Today I made a quart of yogurt using the slimy batch (see yogurt bloopers) from 11/22/09 as the starter. I was surprised by the results. The texture remains smooth and slightly slimy, but the flavor has a lot more tang.

This batch of yogurt did incubate for a little more than eight hours, and the additional time may have effected the tang. There is something about the tangy-ness that seems to be consistent with other 2nd-plus generations of yogurt.

Sandor Katz addressed this exact issue in a lecture that I recently attended. He wasn’t sure what the microbial cause was of the increased tang and decreased density of 2nd-plus generations of yogurt, but he had two contradictory theories. His first theory is that the starter culture collects additional strains of bacteria as it ages and gets exposed to the air, this increases heterogeneity of the microbes, and causes the flavor and texture to change, or some might say, to degrade.The second theory Katz had was that as the culture ages, certain types of bacteria get crowded out as other types dominate. For example, the bacteria that contributes to the thickening of yogurt is Streptococcus Thermophilus. When yogurt that is made with older generations of culture seems thinner than earlier generations of that same culture, perhaps the S. Thermophilus is dying off as other cultures multiply and consume the existing resources. In this second postulation, the bacteria strains are actually becoming less diverse or more homogeneous, and perhaps this “purification” of the bacterial strains contributes to a more tangy, thinner product.

Katz also reminded us that we have been raised on yogurt that is cultured by bacteria that is produced in a lab. The thick, mild, creamy product to which we are accustomed, in no way resembles its cousin from pre-industrial America or the yogurt consumed by most people in other parts of the world. He had a couple of suggestions to address this issue. One was to refresh the yogurt culture when the product is no longer to one’s liking by getting a fresh yogurt off the shelf (watch those ingredients, though!) or by buying a powdered yogurt culture. I think some people refresh the culture after four or five generations as a matter of course. Katz’s second recommendation was that we work towards a new paradigm of what yogurt really is and wean ourselves off of the misconception of what yogurt has become through commercial and scientific manipulation.

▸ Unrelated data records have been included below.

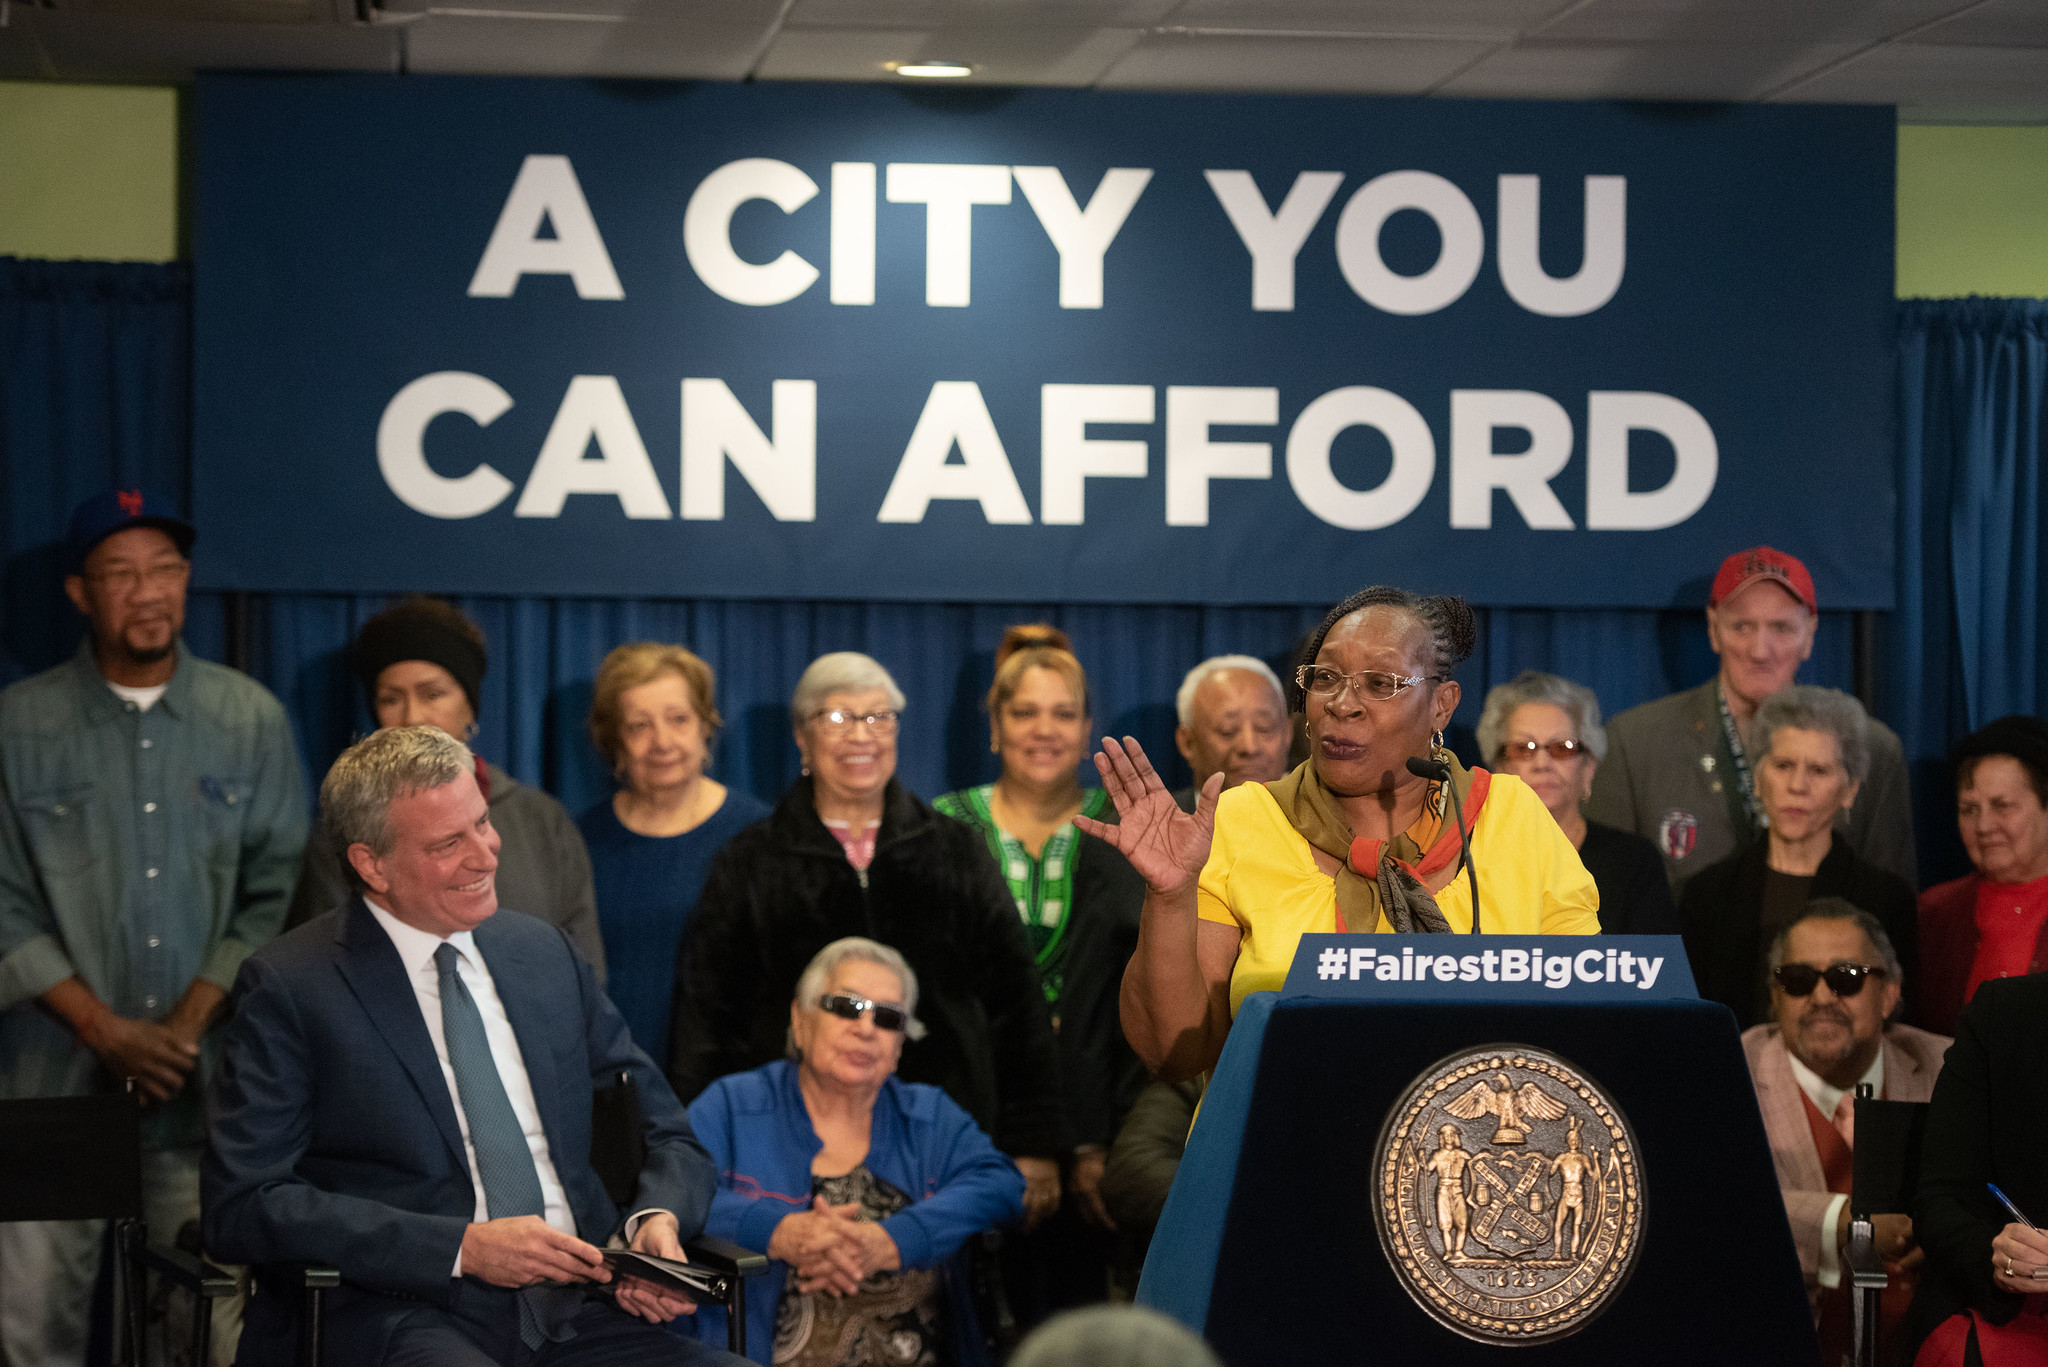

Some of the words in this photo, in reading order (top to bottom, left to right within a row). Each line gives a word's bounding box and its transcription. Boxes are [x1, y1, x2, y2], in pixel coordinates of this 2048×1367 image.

[468, 155, 625, 301] A
[683, 157, 1153, 311] CITY
[1205, 169, 1627, 317] YOU
[377, 371, 819, 523] CAN
[876, 379, 1719, 532] AFFORD
[1316, 946, 1665, 990] #FairestBigCity
[1434, 1269, 1525, 1316] CIVITATIS
[1536, 1277, 1584, 1311] NOVI
[1584, 1193, 1621, 1276] EBORACI
[1487, 1270, 1539, 1288] 1625
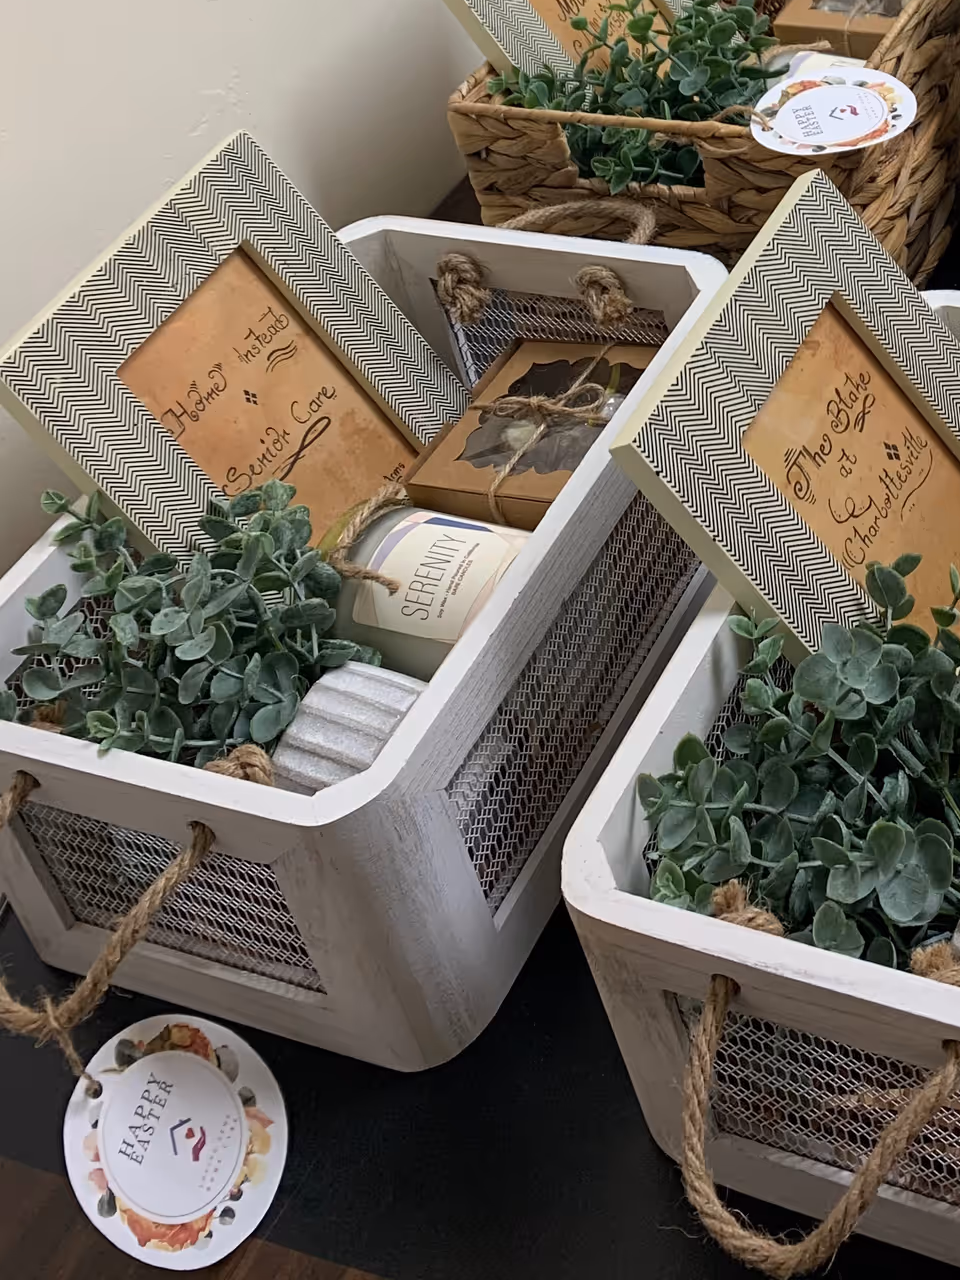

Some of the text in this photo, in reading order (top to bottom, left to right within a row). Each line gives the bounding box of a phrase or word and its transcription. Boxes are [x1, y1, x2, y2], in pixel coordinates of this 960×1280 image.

[792, 107, 813, 137] HAPPY
[802, 105, 824, 135] EASTER
[160, 306, 290, 440] Home Instead
[222, 386, 336, 496] Senior Care
[785, 371, 871, 501] The Blake
[839, 448, 858, 478] at
[401, 533, 466, 620] SERENITY
[118, 1072, 161, 1159] HAPPY
[129, 1080, 174, 1166] EASTER
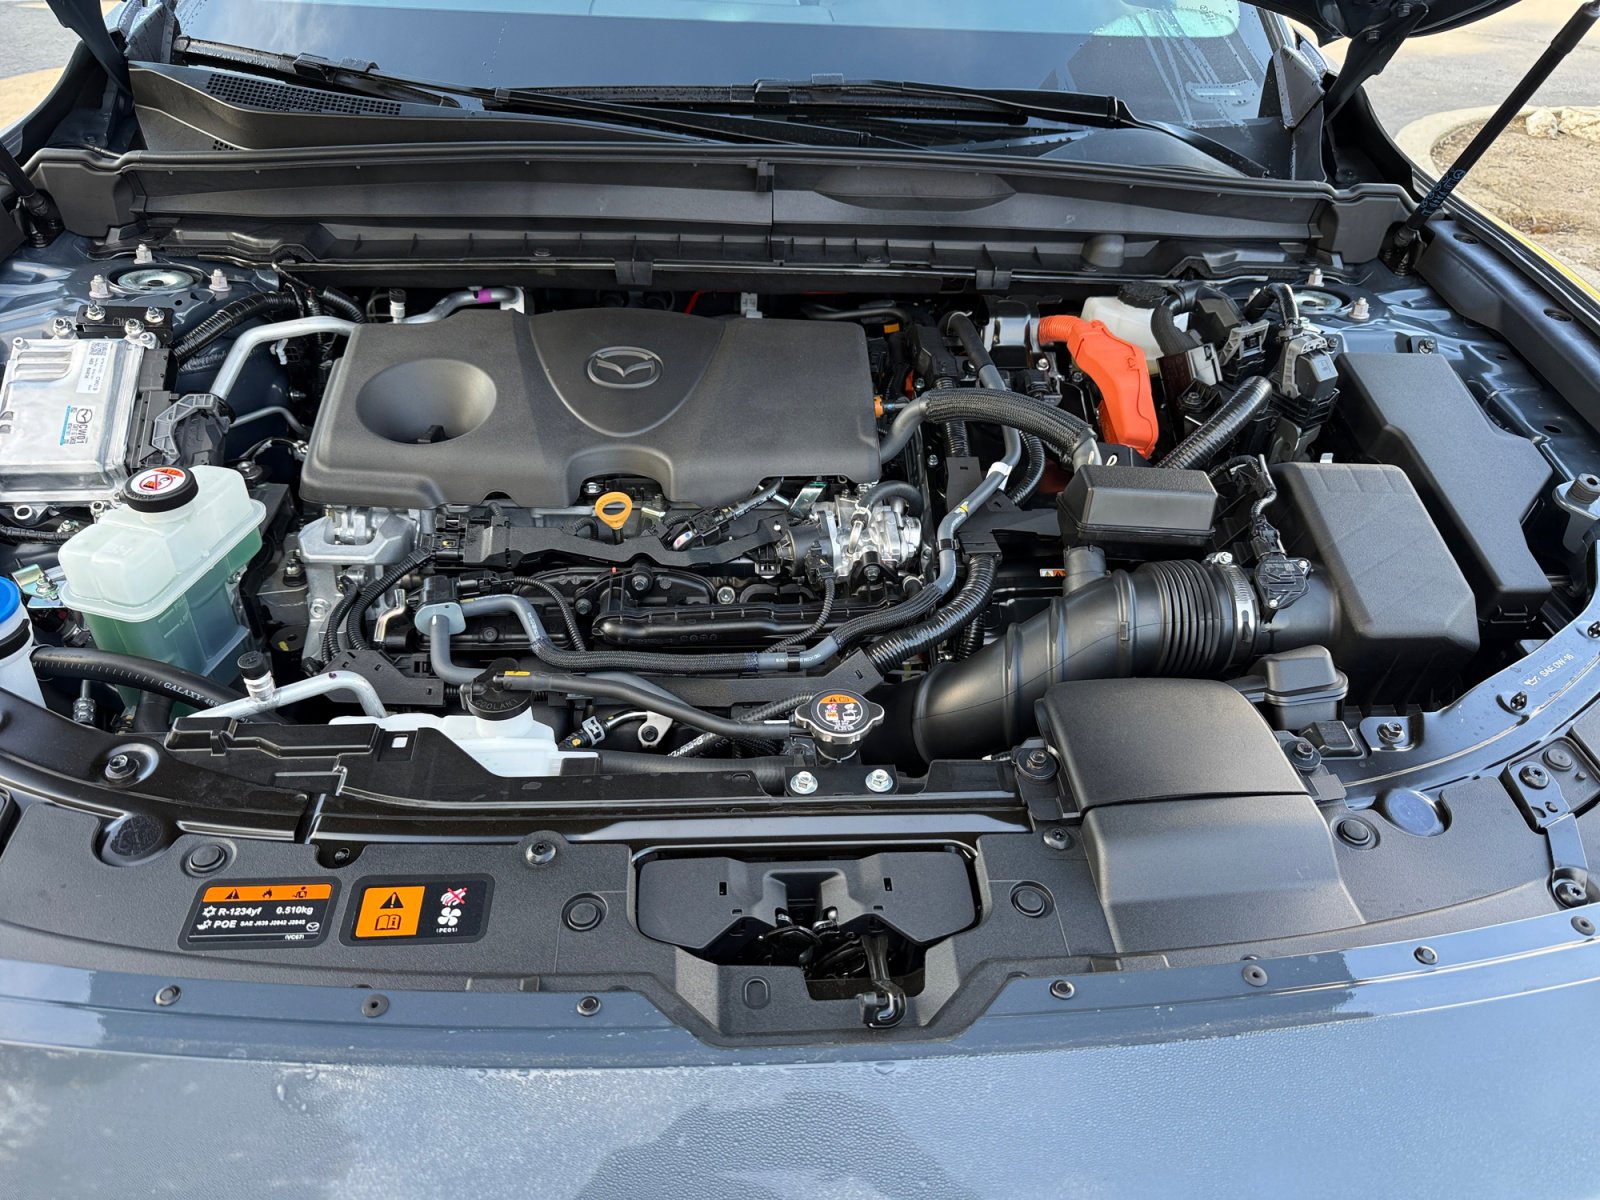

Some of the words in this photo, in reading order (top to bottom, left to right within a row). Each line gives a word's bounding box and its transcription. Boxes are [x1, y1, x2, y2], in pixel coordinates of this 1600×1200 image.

I have not had the opportunity to exhaust a yogurt culture because I am still constantly experimenting and adapting my method and ingredients. I also live with three other people who occasionally eat up the last of the available yogurt before I can save a little as a starter.

I am not going to continue culturing the slimy yogurt from which I made today’s 2nd generation batch. As I made the experimental quart, I also made three quarts from a brand of commercial yogurt I hadn’t previously tried as a starter, and I really, really liked the product. I think it is my favorite homemade yogurt so far! I may try to exhaust that culture and see how long that takes. In the meantime, my cat seems to really like the slimy yogurt, so she can have that quart to her heart’s content. I am looking forward to many bowls of my recent success.